Money makes the world go around and the CEO that would choose to stand up to the bully would see a profit in it.
So the question to you, as a means by which the CEO gets to the profit (read: advertising eyeballs): If CEO X went public to say he/she ain’t working on Maggie’s Farm no mo’ (to quote Mr. Dylan), would you reward that CEO with your business? That would make it worthwhile. If Marissa made such an announcement on the 6 o’clock news, she’d expect that would cause all of us concerned about this to immediately start doing searches on Yahoo!, open at least 1 Yahoo! email account, etc, etc.
But if we send emails back and forth from our gmail accounts, saying how brave she is, then she (as a CEO) loses because Yahoo! doesn’t get paid.
So Bob, what would YOU do in this instance??
I guess those Stanford grads don’t have to bother taking any liberal arts classes like history.
It’s kinda sad to think a CEO of a major US company doesn’t know that the the Constitution defines treason and that revealing confidential/secret documents is not there.

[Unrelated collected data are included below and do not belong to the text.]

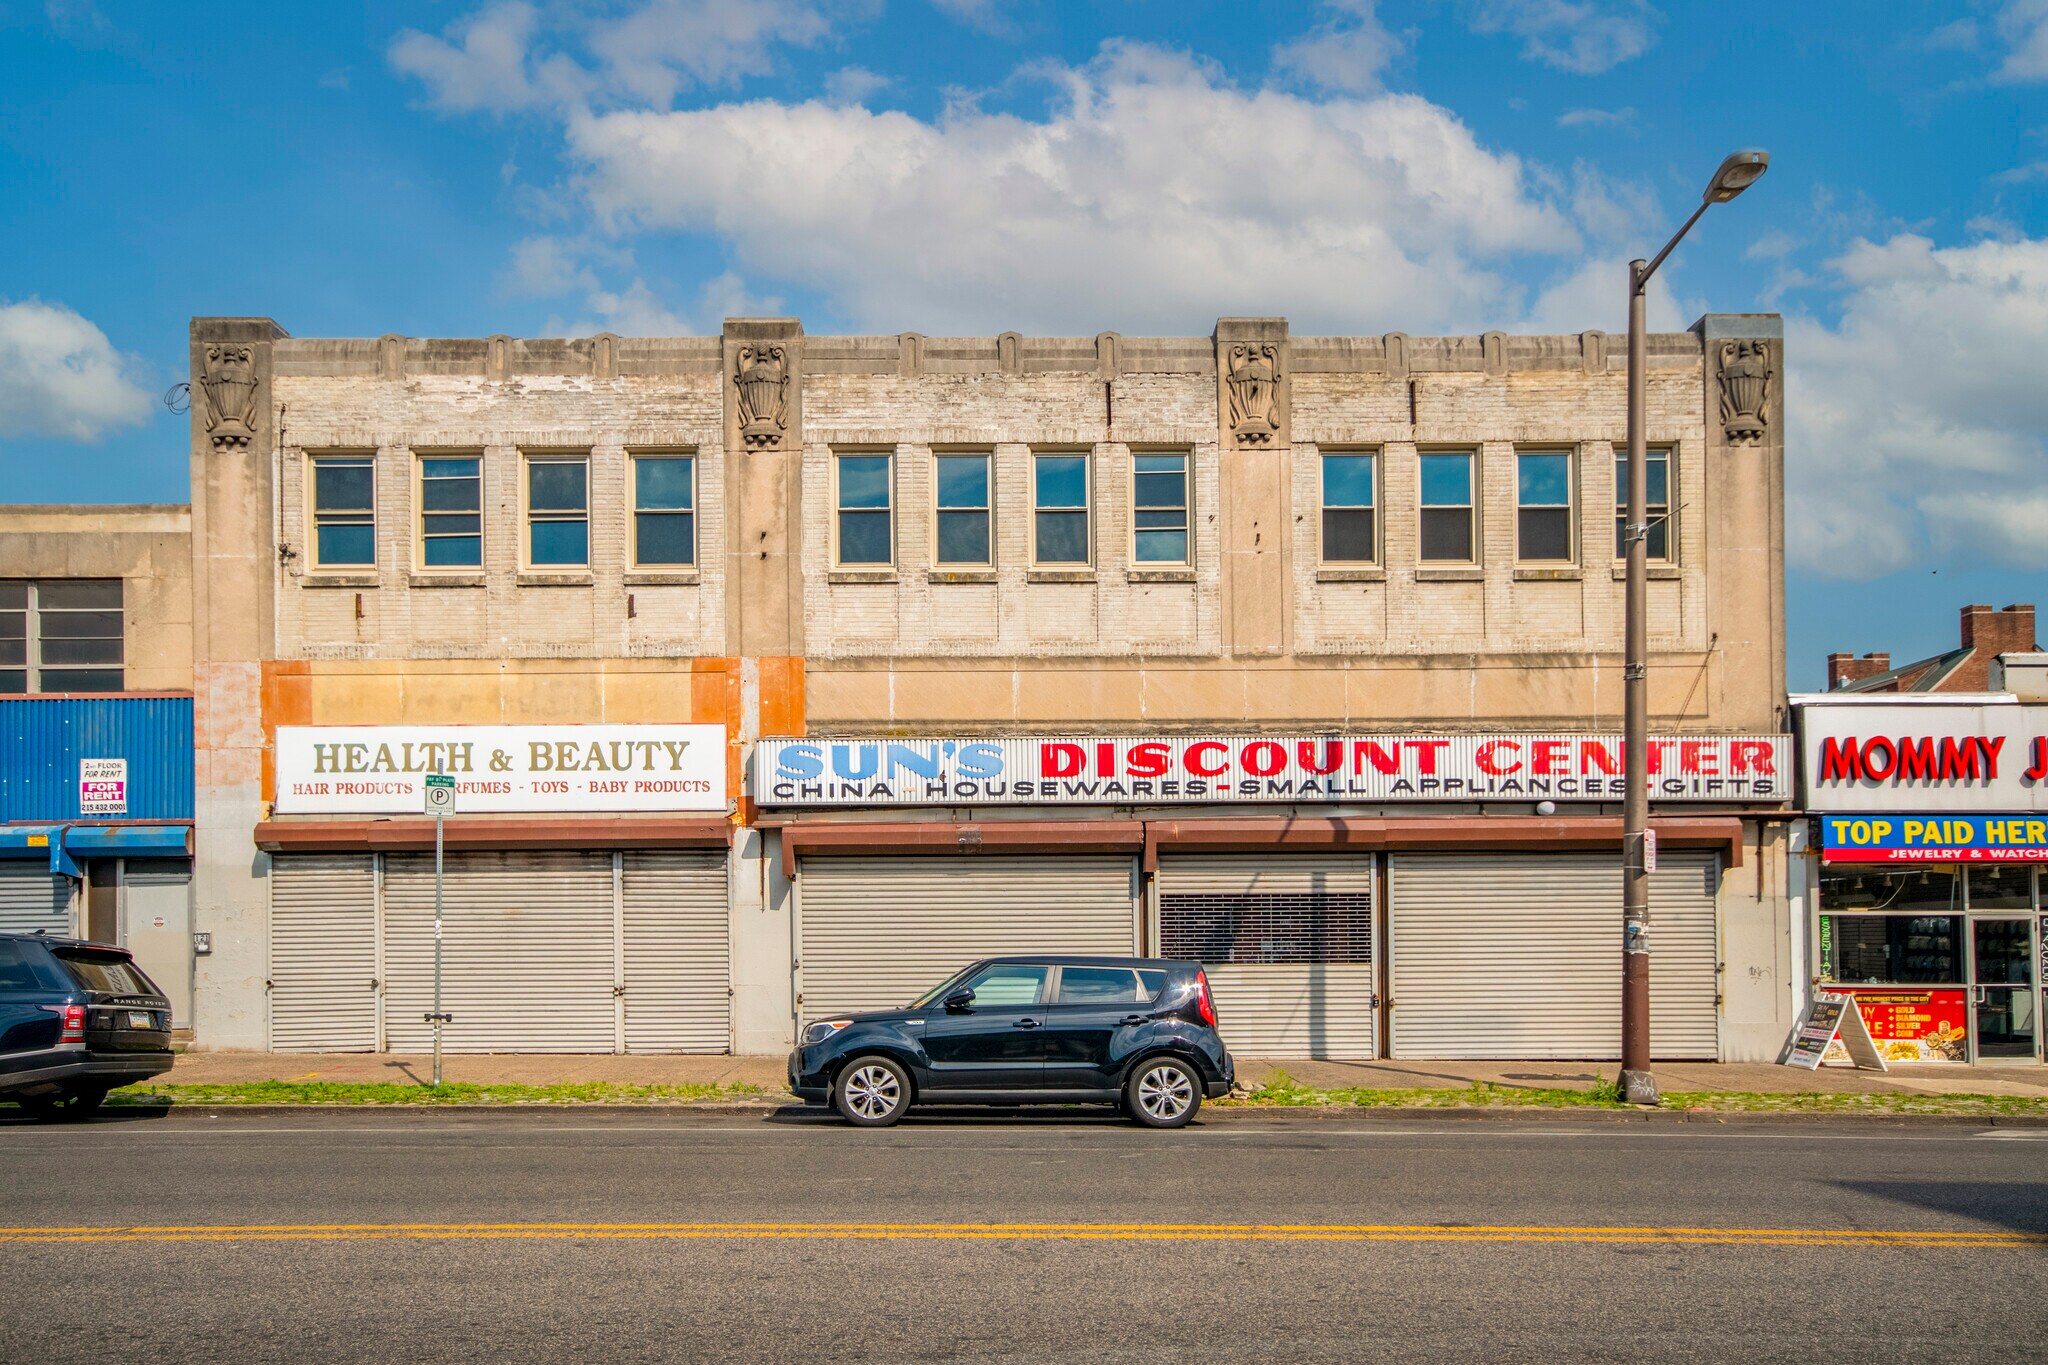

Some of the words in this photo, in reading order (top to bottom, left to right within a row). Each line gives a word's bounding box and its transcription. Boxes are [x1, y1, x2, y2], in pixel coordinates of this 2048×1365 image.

[313, 742, 474, 773] HEALTH
[489, 749, 514, 772] &
[527, 741, 690, 772] BEAUTY
[775, 741, 1004, 780] SUN'S
[1041, 740, 1450, 778] DISCOUNT
[1475, 740, 1777, 776] CENTER
[1822, 735, 2005, 781] MOMMY
[88, 783, 117, 791] FOR
[293, 783, 329, 795] HAIR
[335, 782, 413, 795] PRODUCTS
[455, 781, 511, 794] RFUMES
[531, 781, 569, 793] TOYS
[589, 781, 628, 793] BABY
[634, 780, 711, 793] PRODUCTS
[773, 782, 894, 798] CHINA
[926, 781, 1207, 798] HOUSEWARES
[1239, 779, 1367, 795] SMALL
[1390, 778, 1625, 794] APPLIANCES
[1662, 778, 1774, 794] GIFTS
[83, 791, 122, 800] RENT
[1831, 820, 1892, 844] TOP
[1903, 820, 1974, 844] PAID
[1985, 820, 2048, 843] HER
[1888, 849, 1963, 859] JEWELRY
[1970, 849, 1982, 858] &
[1989, 849, 2048, 858] WATCH
[1858, 1006, 1876, 1019] UY
[1895, 1006, 1915, 1014] GOLD
[1895, 1014, 1931, 1022] DIAMOND
[1895, 1022, 1921, 1030] SILVER

Treason against the United States, shall consist only in levying War against them, or in adhering to their Enemies, giving them Aid and Comfort. No Person shall be convicted of Treason unless on the Testimony of two Witnesses to the same overt Act, or on Confession in open Court. The Congress shall have Power to declare the Punishment of Treason, but no Attainder of Treason shall work Corruption of Blood, or Forfeiture except during the Life of the Person attainted.
Sorry, that ship has sailed. Look at what IBM is doing to its customers and employees. Look at what other CEO’s are doing in their companies. Shareholder value is the only thing of value. The lessons of history, even recent history are being ignored.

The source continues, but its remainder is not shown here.